Deg.... Richard tak menyangka jika lelaki yang berada di hadapannya itu bukan orang sembarangan. Lelaki itu dengan mudahnya menebak bahwa penyakit ibunya itu hanya sandiwara. "Jika kau tahu kami membohongi adikmu, kenapa kau tidak mencegahnya untuk menerima pernikahan itu."
"Saya memang kakaknya, tapi saya tidak akan melarang keputusannya. Biar dia sendiri yang melihat kebusukan kalian!" Stefan menajamkan sorot mata membunuhnya."Tapi ingat! Jangan coba coba kau menyakitinya! Atau akan aku buat kau lenyap dari muka bumi ini!"
"Apa kau sanggup melenyapkan saya! Kekuasaan Anderson jauh di bawah Siliwangi!"Richard merasa bahwa tekanan itu tak mempan untuk dirinya. Karena di negara A, hanya keluarga Richardo yang berkuasa, semua takut dan segan padanya.
"Kau jangan terlalu berbangga diri dengan kekuasaanmu. Saya sama sekali tidak takut dengan dirimu" Stefan menyeringai, ia sama sekali tidak takut dengan kekuasaan Siliwangi.

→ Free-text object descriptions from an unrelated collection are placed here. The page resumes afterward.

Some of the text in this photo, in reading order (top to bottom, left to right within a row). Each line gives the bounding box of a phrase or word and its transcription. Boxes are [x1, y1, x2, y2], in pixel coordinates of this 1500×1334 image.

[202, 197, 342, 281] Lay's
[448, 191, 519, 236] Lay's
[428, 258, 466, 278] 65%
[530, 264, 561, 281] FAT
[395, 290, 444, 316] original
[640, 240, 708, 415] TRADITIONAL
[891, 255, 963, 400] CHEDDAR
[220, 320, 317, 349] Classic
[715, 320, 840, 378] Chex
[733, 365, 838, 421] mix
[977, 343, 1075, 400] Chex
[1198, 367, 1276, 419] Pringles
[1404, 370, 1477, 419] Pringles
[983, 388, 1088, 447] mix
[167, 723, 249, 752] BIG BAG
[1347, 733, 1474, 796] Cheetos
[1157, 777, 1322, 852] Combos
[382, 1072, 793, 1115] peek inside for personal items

"Hey bro... Lagi apa lo disini."Tiba tiba Ray menghampiri mereka. Ia melihat tatapan wajah bosnya itu yang tertuju pada seorang lelaki yang berada di depannya. Ray menyimpulkan bahwa mereka sedang beradu mulut. Terlihat dari wajah mereka yang seperti memendam amarah.
"Gelud....gelud....gelud...." ucap Ray bertepuk tangan mengompori mereka.
"DIAM KAU!"
Sentak dua lelaki itu bersamaan, mereka kini menajamkan mata mereka pada Ray.

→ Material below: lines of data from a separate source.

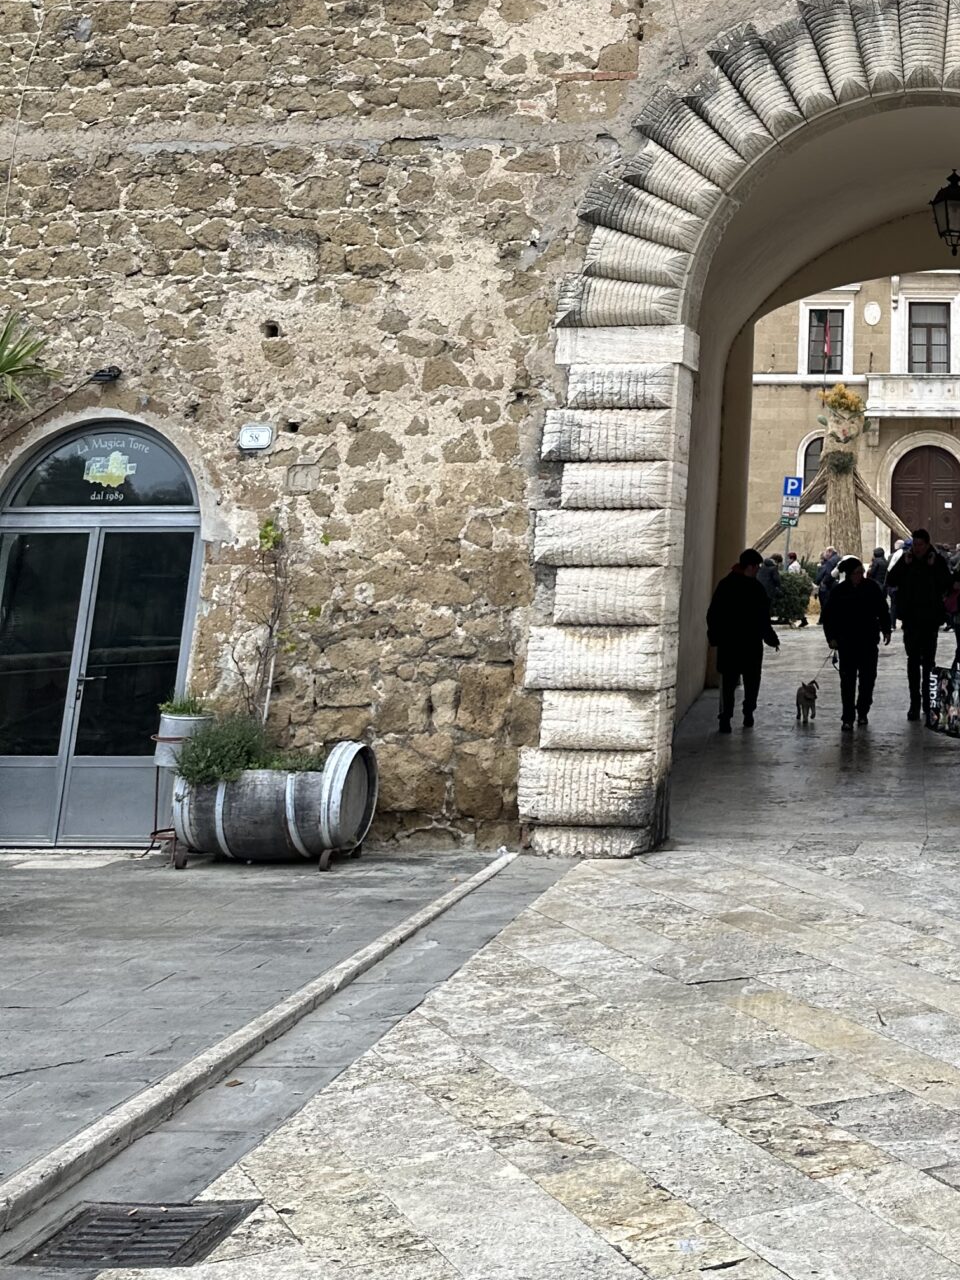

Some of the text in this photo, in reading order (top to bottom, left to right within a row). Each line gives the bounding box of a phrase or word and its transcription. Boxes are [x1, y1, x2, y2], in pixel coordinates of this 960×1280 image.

[77, 437, 150, 455] La Magica Torre
[787, 478, 799, 494] P
[90, 491, 124, 501] dal 1989
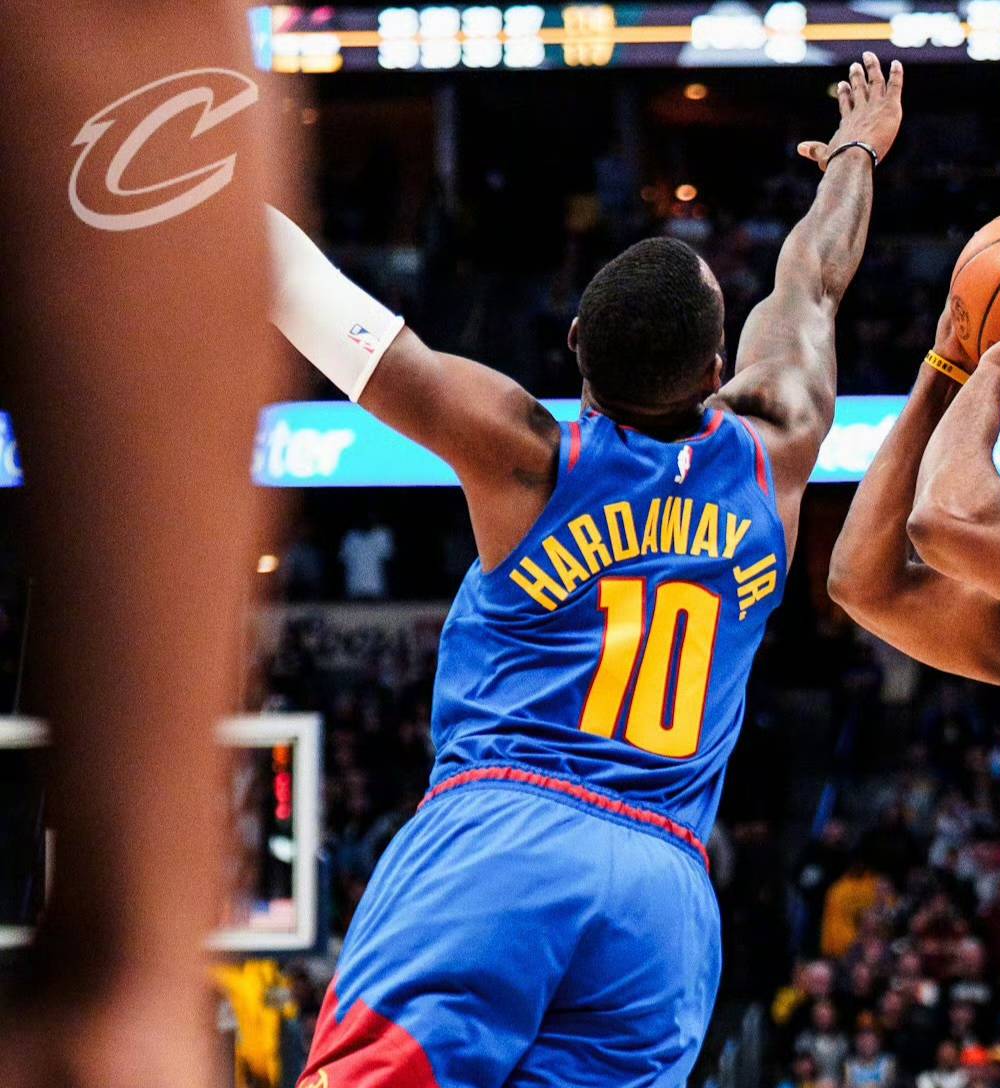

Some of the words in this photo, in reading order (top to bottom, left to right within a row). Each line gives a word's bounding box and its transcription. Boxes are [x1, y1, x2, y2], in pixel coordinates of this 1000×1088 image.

[508, 496, 752, 612] HARDAWAY
[732, 553, 778, 621] JR.
[577, 575, 721, 760] 10
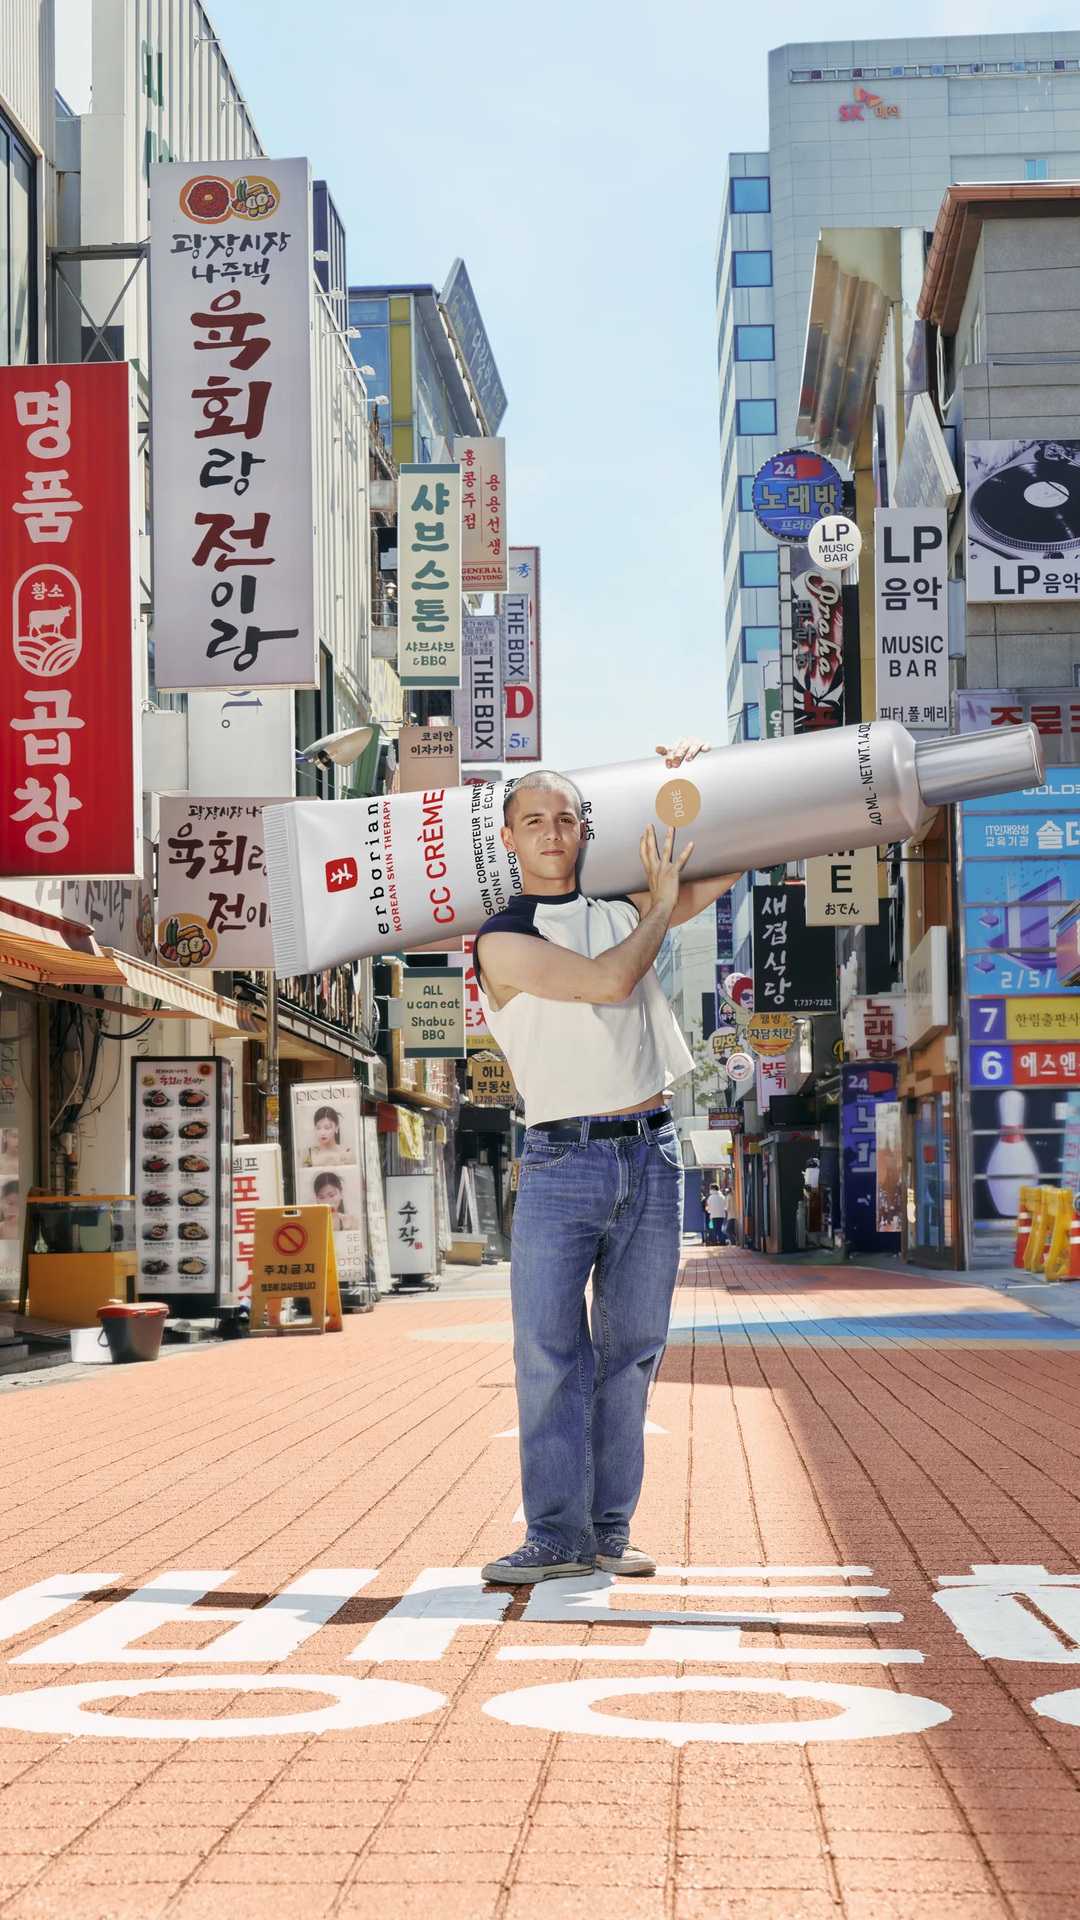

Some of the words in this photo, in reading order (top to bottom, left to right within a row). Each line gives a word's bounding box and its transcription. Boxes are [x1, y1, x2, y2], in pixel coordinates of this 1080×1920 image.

[839, 104, 864, 121] SK
[170, 231, 291, 259] 광장시장
[192, 258, 271, 285] 나주댁
[12, 380, 83, 543] 명품
[774, 462, 795, 477] 24
[460, 449, 476, 530] 홍콩주점
[758, 483, 838, 518] 노래방
[485, 474, 501, 556] 용용선생
[822, 524, 850, 542] LP
[819, 543, 854, 553] MUSIC
[883, 526, 943, 563] LP
[411, 483, 450, 632] 샤브스톤
[824, 554, 848, 563] BAR
[31, 582, 65, 601] 황소
[881, 577, 942, 611] 음악
[507, 599, 525, 634] THE
[805, 571, 843, 676] Praha
[405, 641, 455, 653] 샤브샤브
[882, 635, 944, 655] MUSIC
[412, 655, 447, 667] &BBQ
[508, 639, 525, 676] BOX
[473, 656, 494, 699] THE
[889, 660, 938, 677] BAR
[421, 731, 454, 742] 코리안
[474, 705, 495, 750] BOX
[411, 744, 454, 756] 이자카야
[508, 733, 529, 748] 5F
[9, 690, 86, 854] 곱창
[472, 782, 484, 813] TEINTÉ
[482, 781, 496, 810] ÉCLAT
[669, 788, 685, 818] DORÉ
[865, 792, 879, 810] ML
[188, 805, 243, 820] 광장시장
[581, 801, 592, 815] 30
[869, 811, 882, 825] 40
[383, 800, 392, 850] THERAPY
[484, 815, 494, 829] ET
[585, 818, 595, 841] SPF
[985, 825, 1029, 836] IT인재양성
[417, 789, 447, 881] CRÈME
[985, 836, 1029, 848] 교육기관
[472, 817, 487, 885] CORRECTEUR
[485, 834, 497, 864] MINE
[365, 802, 391, 935] erborian
[385, 853, 395, 881] SKIN
[386, 884, 402, 932] KOREAN
[430, 886, 455, 924] CC
[482, 888, 496, 916] SOIN
[825, 903, 860, 915] おでん
[207, 891, 271, 934] 전이
[762, 894, 792, 1005] 새겹식당
[423, 985, 443, 996] ALL
[416, 1001, 438, 1009] can
[441, 998, 460, 1009] eat
[794, 998, 832, 1007] T.737-7282
[411, 1016, 447, 1027] Shabu
[760, 1013, 780, 1025] 웰빙
[863, 999, 895, 1059] 노래방
[979, 1007, 998, 1033] 7
[1015, 1012, 1080, 1029] 한림출판사
[422, 1030, 446, 1040] BBQ
[482, 1066, 504, 1079] 하나
[981, 1051, 1003, 1080] 6
[1020, 1052, 1080, 1078] 에스앤
[477, 1081, 511, 1094] 부동산
[848, 1075, 869, 1091] 24
[474, 1095, 514, 1104] T.720-3335
[398, 1201, 419, 1247] 수작
[346, 1233, 360, 1242] SE
[347, 1245, 360, 1254] LF
[338, 1257, 361, 1267] OTO
[338, 1269, 362, 1278] OTH

"Weit.... Gue gak ikutan...hehe.."
"Kenapa kau disini, bukankah saya menyuruhmu untuk mengurus kantor!" ucap Richard meninggikan suaranya pada Ray sang asisten.
"Lo pura pura lupa atau memang amnesia, bukannya elo tadi yang nyuruh gue ke rumah sakit buat nganterin ini." Ray mengeluarkan sebuah flashdisk dari saku jas yang ia kenakan.
"Tapi kenapa kau ada disini.?" Richard baru ingat jika dirinyalah yang memerintah Ray untuk membawa flashdisk itu.
"Gue lapar, jadi mampir dulu deh ke kafe ini." ucap Ray dan duduk di samping Richard.
"Urusan saya dengan anda sudah selesai, dan camkan perkataan itu baik baik." Stefan bangkit dan meniggalkan kafe itu.
"Salut gue sama dia yang berani menekan lo..." ucap Ray spontan.
"Ray!"
Di tempat lain, yakni di ruangan inap VVIP nyonya Kayle dengan semangatnya mendiskusikan tentang acara pernikahan pada Bella.
"Apa ini tidak berlebihan nyonya?" ucap Bella karena nyonya Kayle ingin mengadakan acara pernikahan yang megah. Padahal yang ia inginkan hanya pernikahan sederhana, karena menurutnya pernikahan ini hanya sementara, hingga Bella mendapat alasan untuk cerai dengan Richard.
"sama sekali tidak. Kau itu calon menantuku, aku ingin mebuat acara pernikahan yang sangat meriah juga mewah." jawab nyonya.
"Nek.... Pernikahan itu apa ya, Sepertinya menjengkelkan karena terlalu banyak acara yang harus di laksanakan..." sungut Garrel, dia sama sekali tidak mengerti dengan apa yang di bicarakan nyonya dan ibunya itu.
"Garrel sayang, nanti juga kamu akan tahu." ucap nyonya mengusap lembut pipi Garrel. "Anak ini benar benar mirip papanya" gumam pelan nyonya Kayle namun masih bisa di dengar oleh Bella.
"Maksud nyonya?"
"Ah... Maksud saya anak manis ini sifatnya hampir sama dengan Richard calon papanya"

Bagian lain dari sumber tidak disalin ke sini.